Mycobacterium bovis, is a slow-growing (16- to 20-hour generation time), aerobic bacterium and the causative agent of tuberculosis in cattle (known as Bovine TB). Related to M. tuberculosis—the bacterium which causes tuberculosis in humans—M. bovis can also jump the species barrier and cause tuberculosis in humans and other mammals.
For thousands of years the extremely contagious Bovine TB has presented a perilous threat to mostly any vertebrate animal due it being so contagious. First recordings of this disease in South Africa were noted in cattle in the eighteenth century and thought to have been introduced through the importing of affected animals. This disease is now mainly widespread in developing countries such as Africa, parts of Asia and the Middle East.
This disease enters the body orally, damaged or cracked skin or open sores and through breathing the bacterium in via the mouth. The incubation period between being infected and symptom development generally occurs over a number of months. Animals may also be infected with this disease for a number of years but only present symptoms when they are highly stressed or when they reach old age.
How Bovine TB is Spread
The direct contracting of Bovine TB generally occurs in close or confined spaces. An infected animal will cough out small droplets of infected mucous which is transferred to other animals in the immediate vicinity when they breathe this air in. The bacterium can all adhere to dust particles and be transported via the air where it can again be inhaled by other animals.
The oral contracting of Bovine TB often occurs when animals drink infected milk or water. This type of infection also occurs when grasslands or feed bins have been contaminated with the bacteria when the mucous of an infected animal has been coughed up and contaminated the food which another animal then consumes. This disease may also be transmitted by saliva or food particles where contaminated lesions in the digestive system or tract are present and bacteria is excreted in dung, as well as by milk, urine or sheath secretions, should the specific organ be affected. Affected lymph nodes that excrete externally may also infect food or water sources.

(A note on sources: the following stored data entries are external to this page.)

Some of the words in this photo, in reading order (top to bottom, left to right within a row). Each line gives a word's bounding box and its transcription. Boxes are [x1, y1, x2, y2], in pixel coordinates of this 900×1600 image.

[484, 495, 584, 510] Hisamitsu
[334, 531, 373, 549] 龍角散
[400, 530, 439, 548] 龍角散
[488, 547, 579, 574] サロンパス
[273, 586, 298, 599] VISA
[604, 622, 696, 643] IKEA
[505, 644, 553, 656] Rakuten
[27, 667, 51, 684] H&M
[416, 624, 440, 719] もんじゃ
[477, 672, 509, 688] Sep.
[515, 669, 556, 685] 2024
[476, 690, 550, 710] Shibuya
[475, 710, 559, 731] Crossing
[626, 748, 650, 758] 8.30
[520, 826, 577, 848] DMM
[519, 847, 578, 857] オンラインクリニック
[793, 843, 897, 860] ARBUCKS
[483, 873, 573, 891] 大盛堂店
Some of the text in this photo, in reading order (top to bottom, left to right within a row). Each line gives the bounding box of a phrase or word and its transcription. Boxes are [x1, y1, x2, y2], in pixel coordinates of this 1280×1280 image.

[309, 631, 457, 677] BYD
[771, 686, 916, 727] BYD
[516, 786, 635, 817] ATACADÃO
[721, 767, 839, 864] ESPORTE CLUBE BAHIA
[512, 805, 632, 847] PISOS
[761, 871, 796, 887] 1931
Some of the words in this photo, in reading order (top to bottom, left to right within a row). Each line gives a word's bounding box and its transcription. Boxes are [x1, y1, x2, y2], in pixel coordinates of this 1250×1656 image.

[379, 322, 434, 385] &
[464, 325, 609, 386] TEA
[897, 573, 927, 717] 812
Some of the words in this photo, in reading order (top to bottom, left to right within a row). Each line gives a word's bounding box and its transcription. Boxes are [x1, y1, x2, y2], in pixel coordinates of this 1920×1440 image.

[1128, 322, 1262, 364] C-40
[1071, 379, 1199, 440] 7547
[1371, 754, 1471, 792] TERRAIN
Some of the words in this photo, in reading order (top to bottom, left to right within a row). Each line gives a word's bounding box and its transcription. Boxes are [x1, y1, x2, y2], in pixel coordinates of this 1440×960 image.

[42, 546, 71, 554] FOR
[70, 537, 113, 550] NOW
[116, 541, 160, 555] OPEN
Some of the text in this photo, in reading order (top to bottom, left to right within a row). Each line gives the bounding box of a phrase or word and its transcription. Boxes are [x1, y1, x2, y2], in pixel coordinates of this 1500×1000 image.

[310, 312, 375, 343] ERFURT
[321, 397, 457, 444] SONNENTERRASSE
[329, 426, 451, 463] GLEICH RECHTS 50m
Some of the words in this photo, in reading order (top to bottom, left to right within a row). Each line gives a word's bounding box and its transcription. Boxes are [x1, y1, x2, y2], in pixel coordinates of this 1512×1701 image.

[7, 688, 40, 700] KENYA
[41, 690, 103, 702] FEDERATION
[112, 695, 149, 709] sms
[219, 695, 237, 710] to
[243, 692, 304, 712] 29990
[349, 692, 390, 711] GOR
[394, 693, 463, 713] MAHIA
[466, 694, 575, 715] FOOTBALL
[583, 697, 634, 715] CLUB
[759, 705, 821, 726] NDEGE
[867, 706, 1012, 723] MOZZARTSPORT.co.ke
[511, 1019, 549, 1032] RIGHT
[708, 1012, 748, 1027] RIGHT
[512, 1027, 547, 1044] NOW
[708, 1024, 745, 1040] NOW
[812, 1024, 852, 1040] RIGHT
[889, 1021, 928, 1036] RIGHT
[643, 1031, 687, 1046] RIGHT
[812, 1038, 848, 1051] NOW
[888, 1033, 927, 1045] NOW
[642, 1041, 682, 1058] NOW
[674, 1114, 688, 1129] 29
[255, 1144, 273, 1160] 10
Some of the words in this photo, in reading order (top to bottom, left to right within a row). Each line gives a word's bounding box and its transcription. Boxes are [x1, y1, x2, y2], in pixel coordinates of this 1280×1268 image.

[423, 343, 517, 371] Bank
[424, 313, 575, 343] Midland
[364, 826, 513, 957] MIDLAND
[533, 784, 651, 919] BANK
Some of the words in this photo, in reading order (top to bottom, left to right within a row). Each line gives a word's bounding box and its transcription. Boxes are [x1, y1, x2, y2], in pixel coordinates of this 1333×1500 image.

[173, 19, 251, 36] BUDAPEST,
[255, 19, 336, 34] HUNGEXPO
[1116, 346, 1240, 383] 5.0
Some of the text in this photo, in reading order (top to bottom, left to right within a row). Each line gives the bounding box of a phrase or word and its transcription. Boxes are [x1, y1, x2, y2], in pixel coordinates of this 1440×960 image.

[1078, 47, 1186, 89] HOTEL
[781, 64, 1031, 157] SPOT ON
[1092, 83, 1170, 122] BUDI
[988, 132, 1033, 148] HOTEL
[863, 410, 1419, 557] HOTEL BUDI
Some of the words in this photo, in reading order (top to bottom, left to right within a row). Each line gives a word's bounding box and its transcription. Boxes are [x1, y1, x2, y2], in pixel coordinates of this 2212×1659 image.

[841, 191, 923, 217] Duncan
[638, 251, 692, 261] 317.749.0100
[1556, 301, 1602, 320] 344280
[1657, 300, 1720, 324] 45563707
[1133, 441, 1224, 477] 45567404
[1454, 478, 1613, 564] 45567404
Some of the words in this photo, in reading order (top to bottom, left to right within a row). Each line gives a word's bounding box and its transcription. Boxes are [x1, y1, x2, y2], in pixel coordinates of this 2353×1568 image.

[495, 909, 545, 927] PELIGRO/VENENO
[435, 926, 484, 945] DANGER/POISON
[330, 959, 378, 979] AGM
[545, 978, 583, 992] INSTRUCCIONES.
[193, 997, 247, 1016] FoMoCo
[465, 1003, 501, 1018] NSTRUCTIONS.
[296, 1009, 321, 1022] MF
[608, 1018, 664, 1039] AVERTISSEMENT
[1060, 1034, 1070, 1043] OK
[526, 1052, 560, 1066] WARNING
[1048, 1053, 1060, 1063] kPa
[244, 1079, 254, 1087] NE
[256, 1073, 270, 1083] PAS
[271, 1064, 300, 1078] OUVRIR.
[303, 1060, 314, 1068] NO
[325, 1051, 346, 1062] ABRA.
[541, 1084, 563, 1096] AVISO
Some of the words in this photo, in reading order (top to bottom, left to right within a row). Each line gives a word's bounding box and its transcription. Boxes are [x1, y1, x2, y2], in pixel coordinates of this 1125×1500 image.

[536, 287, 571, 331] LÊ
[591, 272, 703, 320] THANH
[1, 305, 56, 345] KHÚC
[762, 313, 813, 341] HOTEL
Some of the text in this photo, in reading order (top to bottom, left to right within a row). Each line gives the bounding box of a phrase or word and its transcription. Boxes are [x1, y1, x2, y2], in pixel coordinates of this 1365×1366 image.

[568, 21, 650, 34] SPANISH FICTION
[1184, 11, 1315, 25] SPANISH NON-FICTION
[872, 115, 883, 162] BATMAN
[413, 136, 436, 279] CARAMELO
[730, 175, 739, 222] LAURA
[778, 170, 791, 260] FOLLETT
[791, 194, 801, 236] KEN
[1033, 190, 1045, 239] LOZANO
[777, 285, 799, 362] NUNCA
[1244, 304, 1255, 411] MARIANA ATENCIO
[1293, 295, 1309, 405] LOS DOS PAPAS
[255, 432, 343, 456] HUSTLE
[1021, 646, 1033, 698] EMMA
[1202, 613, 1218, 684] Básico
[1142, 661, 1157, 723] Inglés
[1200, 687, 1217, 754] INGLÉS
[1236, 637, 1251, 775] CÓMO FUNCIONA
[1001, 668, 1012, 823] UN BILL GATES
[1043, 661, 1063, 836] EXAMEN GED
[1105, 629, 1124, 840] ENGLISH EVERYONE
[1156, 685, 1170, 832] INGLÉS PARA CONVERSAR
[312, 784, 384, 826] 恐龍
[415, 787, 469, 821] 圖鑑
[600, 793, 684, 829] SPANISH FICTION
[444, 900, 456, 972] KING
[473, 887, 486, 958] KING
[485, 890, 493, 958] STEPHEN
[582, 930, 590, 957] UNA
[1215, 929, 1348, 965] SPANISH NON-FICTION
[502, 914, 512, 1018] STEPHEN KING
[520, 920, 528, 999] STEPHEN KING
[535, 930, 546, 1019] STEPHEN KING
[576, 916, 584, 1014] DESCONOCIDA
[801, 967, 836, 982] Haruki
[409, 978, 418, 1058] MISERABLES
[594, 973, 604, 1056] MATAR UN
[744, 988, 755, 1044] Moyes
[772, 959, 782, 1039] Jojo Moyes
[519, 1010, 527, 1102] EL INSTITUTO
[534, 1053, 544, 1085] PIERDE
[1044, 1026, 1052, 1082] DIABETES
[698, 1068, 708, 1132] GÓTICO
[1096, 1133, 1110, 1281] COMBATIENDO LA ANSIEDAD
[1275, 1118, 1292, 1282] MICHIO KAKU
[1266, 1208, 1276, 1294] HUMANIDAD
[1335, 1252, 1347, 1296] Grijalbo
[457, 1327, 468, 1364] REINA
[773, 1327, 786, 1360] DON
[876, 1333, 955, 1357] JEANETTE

Bovine TB is can also be transmitted iatrogenically through contaminated needles, speculums and other livestock apparatus as well as during mating if the genitals of either animal are infected. Transmission of this disease via open wounds or from an infected cow to her calf in the uterus is also possible.
Bovine TB bacterium remains infective outside of the body is mostly dependant on climatic conditions; heat, drought and direct sunlight are unfavourable to these bacteria which thrive in a dark and moist environment. If not exposed to sunlight and in temperatures of between (12 – 24* Celsius) Bovine TB bacteria can survive for up to seven days, in stagnate drinking water for up to eighteen days and in moist dung for up to eight weeks.
Bovine TB Infection
Once this disease enters the body infection occurs when the bacteria encourage the formation of tumour like lesions referred to as tubercles which are light orange in colour. These tubercles usually develop in the lymph nodes which are generally examined first to detect infection.
If the bacteria spread to other parts of the body via the bloodstream or lymphatic system new tubercles will develop. If the bloodstream contains numerous bacterium toxaemia may occur which may lead to weakness, lack of energy and eventual death in the animal.
Sporadically the tubercles will be adequately encapsulated by connective tissue which will inhibit further spread through the body, controlling this disease.